Blue & Gray Magazine Vol. XXVII, #5

26 04 2011

For twenty-seven years, Blue & Gray magazine has been putting out about six issues every year, each issue focusing on a battlefield in minute detail. Do the math: that’s about 160 issues, right? Subtracting the 130 issues that have featured Gettysburg, that still leaves about 30 opportunities to cover First Bull Run. Amazingly, the current issue is the first to highlight our favorite little skirmish.

Well, better late than never.

The magazine and Manassas National Battlefield Park ranger Henry Elliot have produced a fine work with an overview of the campaign, detail of the battle, solid tour guide, and wonderful maps of First Bull Run. Hurrah for this issue! There are twenty maps and a full Order of Battle. Footnotes. Illustrations. The works!

Buy this one today.

(Quibble: I disagree with Mr. Elliot’s assertion on page 8 that “McDowell needed to preserve his numerical advantage over Beauregard.” I’ve said it many times before and am comfortable with the fact that I sit way out here by myself in my position: McDowell never thought he would have a numerical superiority – he never thought he would maintain or gain one at any point in his planning, and therefore his plan did not depend on numerical superiority. For my most recent post on this, see here.)

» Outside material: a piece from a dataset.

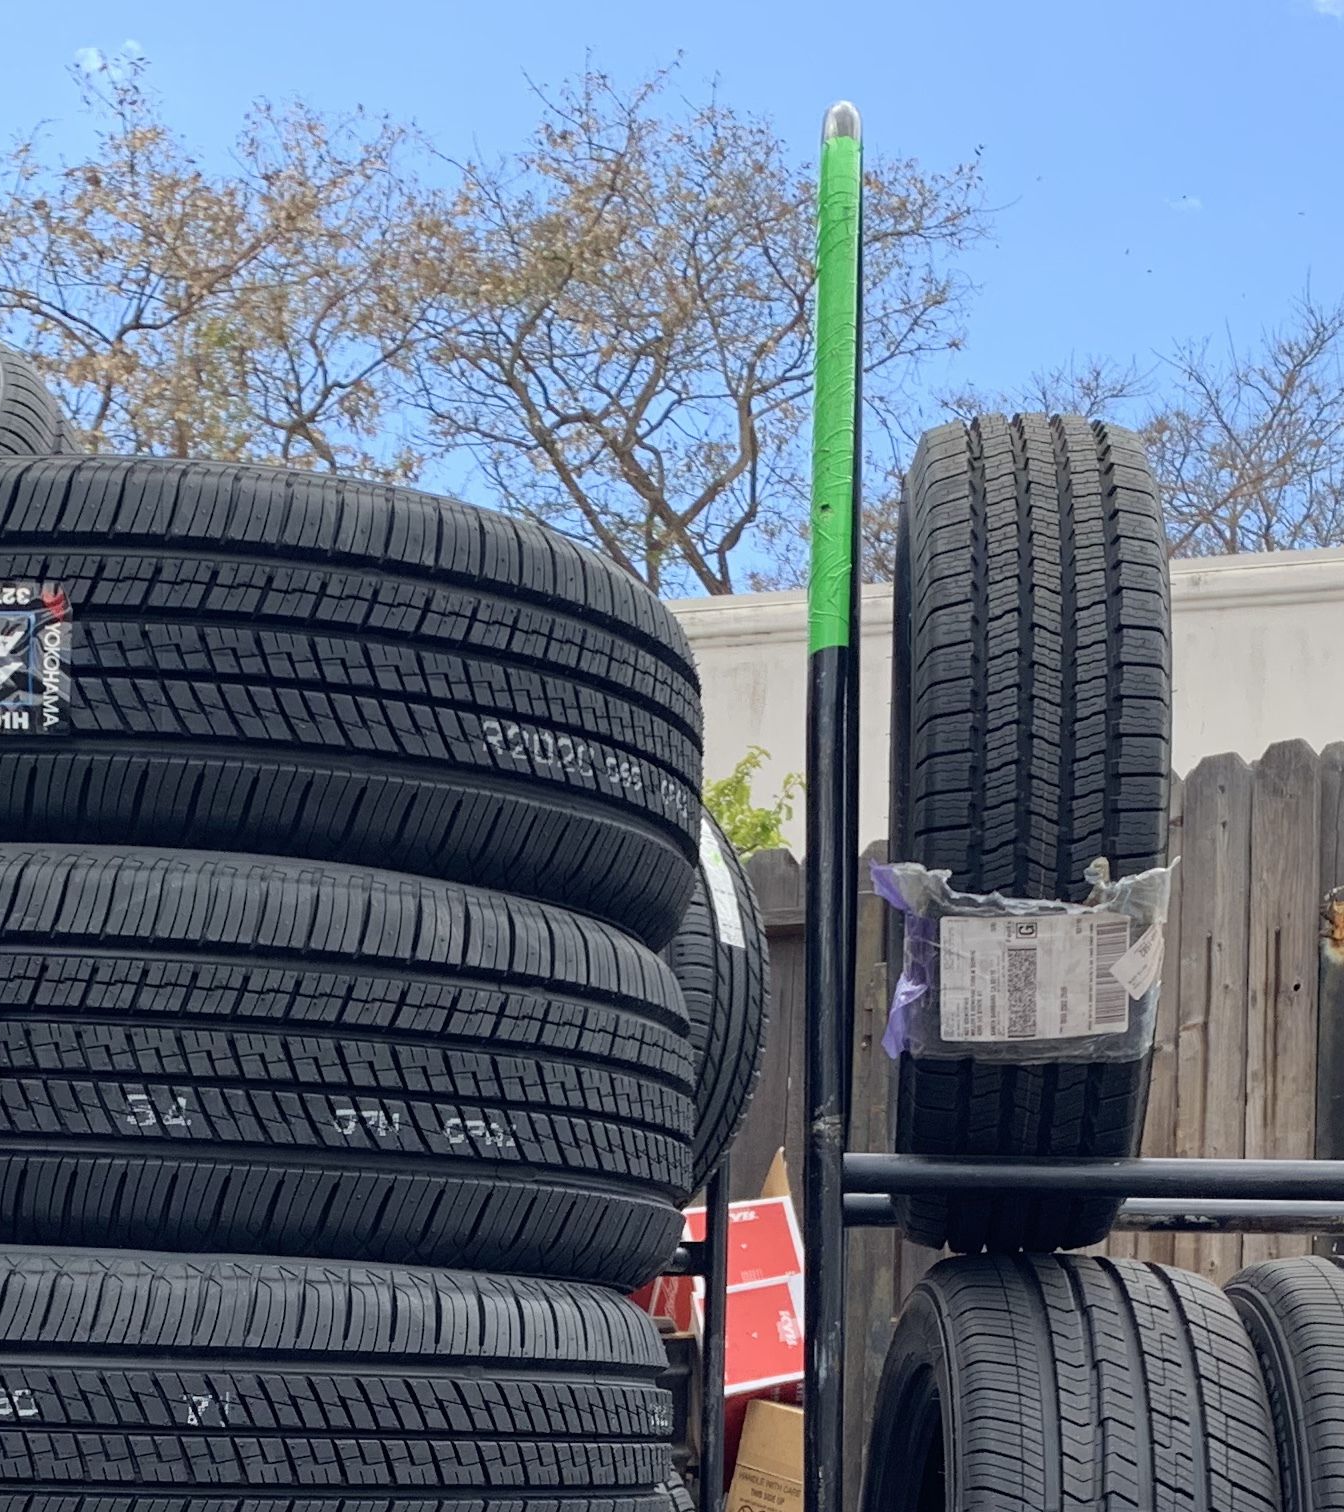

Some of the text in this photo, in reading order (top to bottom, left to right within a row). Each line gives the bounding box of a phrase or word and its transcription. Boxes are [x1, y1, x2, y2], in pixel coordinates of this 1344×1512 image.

[42, 621, 61, 726] YOKOHAMA
[1018, 924, 1035, 936] G
[765, 1479, 783, 1491] WITH
[783, 1485, 802, 1498] CARE

Special: Weider History Group, “1861″

25 04 2011

I received a copy of Weider History Groups 1861: Hell Breaks Loose in the mail a couple of weeks ago. This $9.99, 106 page magazine features “31 stories of the Civil War’s first year by those who lived it.” Other than Harold Holzer’s introduction, all of the articles are either contemporary accounts or memoirs. I’m guessing that we’ll be seeing additional issues for each year of the sesquicentennial.

The articles cover a road range of subjects, and appear in chronological order. The usual suspects appear: The Anaconda Plan; Sumter Under Attack; Ugly Defeat at Bull Run; A Victor Remembers Ball’s Bluff. But some less well-known stories are told as well: Buchanan Blames the North; Sam Huston Defies Confederacy; Nathaniel Hawthorne’s Wish; Woman Jailed Without Trial. The final article looks back on 1861 in review.

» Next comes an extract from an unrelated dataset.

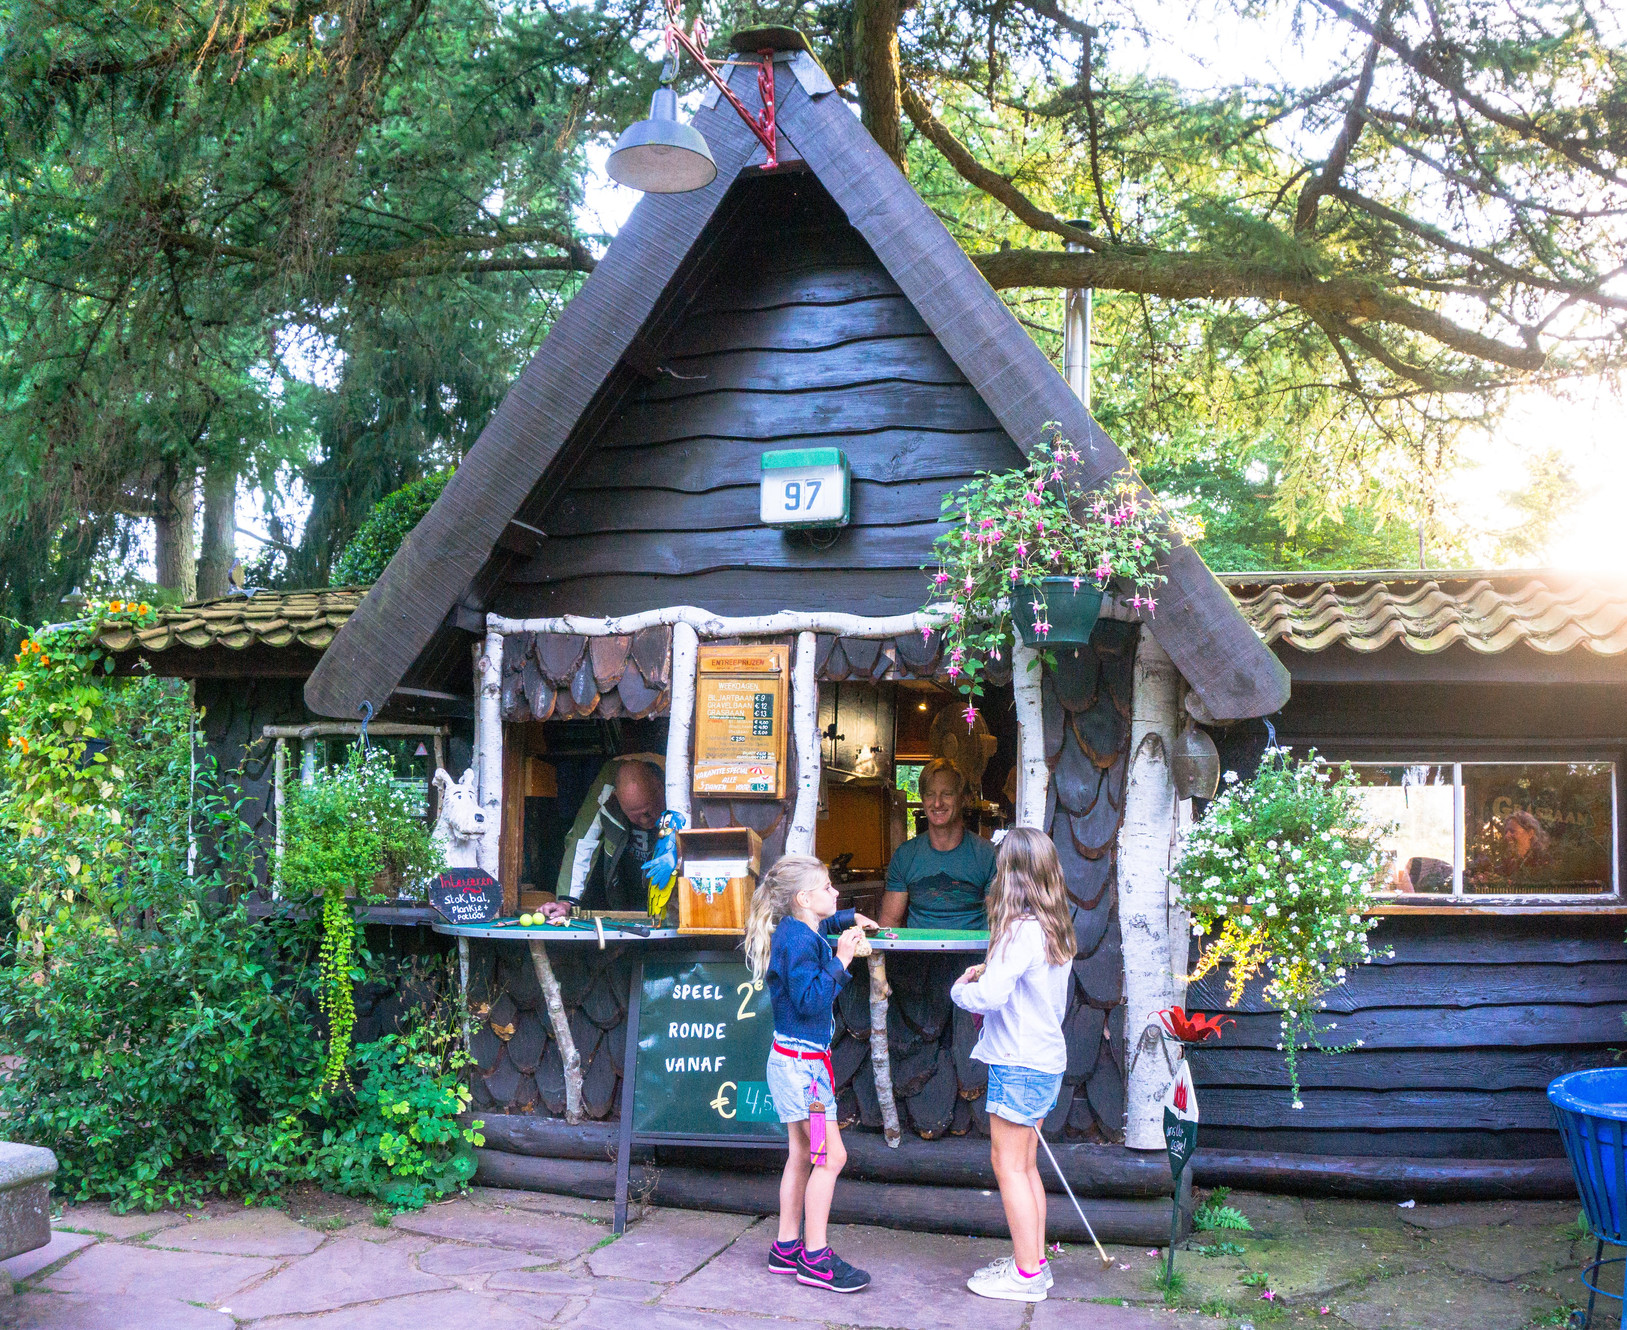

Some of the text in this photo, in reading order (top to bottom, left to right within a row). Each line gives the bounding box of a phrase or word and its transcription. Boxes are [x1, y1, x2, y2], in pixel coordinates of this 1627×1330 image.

Nicely illustrated with many full-page images, 1861: Hell Breaks Loose is a nice overview of the first year of the war.





CWT Video Blog – Arlington House

18 04 2011

Civil War Times editor Dana Shoaf at Arlington House:





Hallowed Ground Spring 2011

6 04 2011

Various magazines are out which include good stuff on First Bull Run. In fact, I’ll wager that more Bull Run material will be published in periodicals this year than have been published in the last 50 years. So with no further ado, lets start with Hallowed Ground, the quarterly publication of the Civil War Trust.

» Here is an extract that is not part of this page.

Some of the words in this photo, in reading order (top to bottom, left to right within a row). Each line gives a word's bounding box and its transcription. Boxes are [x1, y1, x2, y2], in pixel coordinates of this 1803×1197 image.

And on page 25, you’ll find an interview with the host of Bull Runnings. That alone is worth the price of membership! There’s other good stuff in here, too. This issue of Hallowed Ground is a must have for your Bull Run collection.





A New Civil War Magazine…Maybe

29 03 2011

Civil War Quarterly

At Barnes & Noble about a week back I picked up a new magazine, Civil War Quarterly. I had heard nothing about the magazine, and still can’t find a website for it, or any mention of it on the web. So I had to resort to prehistoric methods and technology, namely reading the masthead and publication information and making a few phone calls (keeping in the pioneer spirit, I used my land line.)

The long and short of it is the magazine is an experiment by Military Heritage and Sovereign Media. I got in touch with Carl Gnam, a mucky-muck there who has been in the biz a long time, and he told me that the magazine has been floated out there to test the waters. If the reaction of the public is strong enough there will be a Volume 1, Number 2 (that’s Number 1 to the left).

This is a thick-papered, glued magazine, like other quarterlies you see on the stand. The editor is Roy Morris, Jr, whom you may know from several books on the Civil War and Reconstruction period. Other than him I’m not familiar with the other writers in this inaugural issue. According to Mr. Gnam these fellows write on a broader range of military history topics and are not Civil War specialists per se. There’s certainly nothing wrong with that – there are lots of Civil War specialists out there, but not all are outstanding writers.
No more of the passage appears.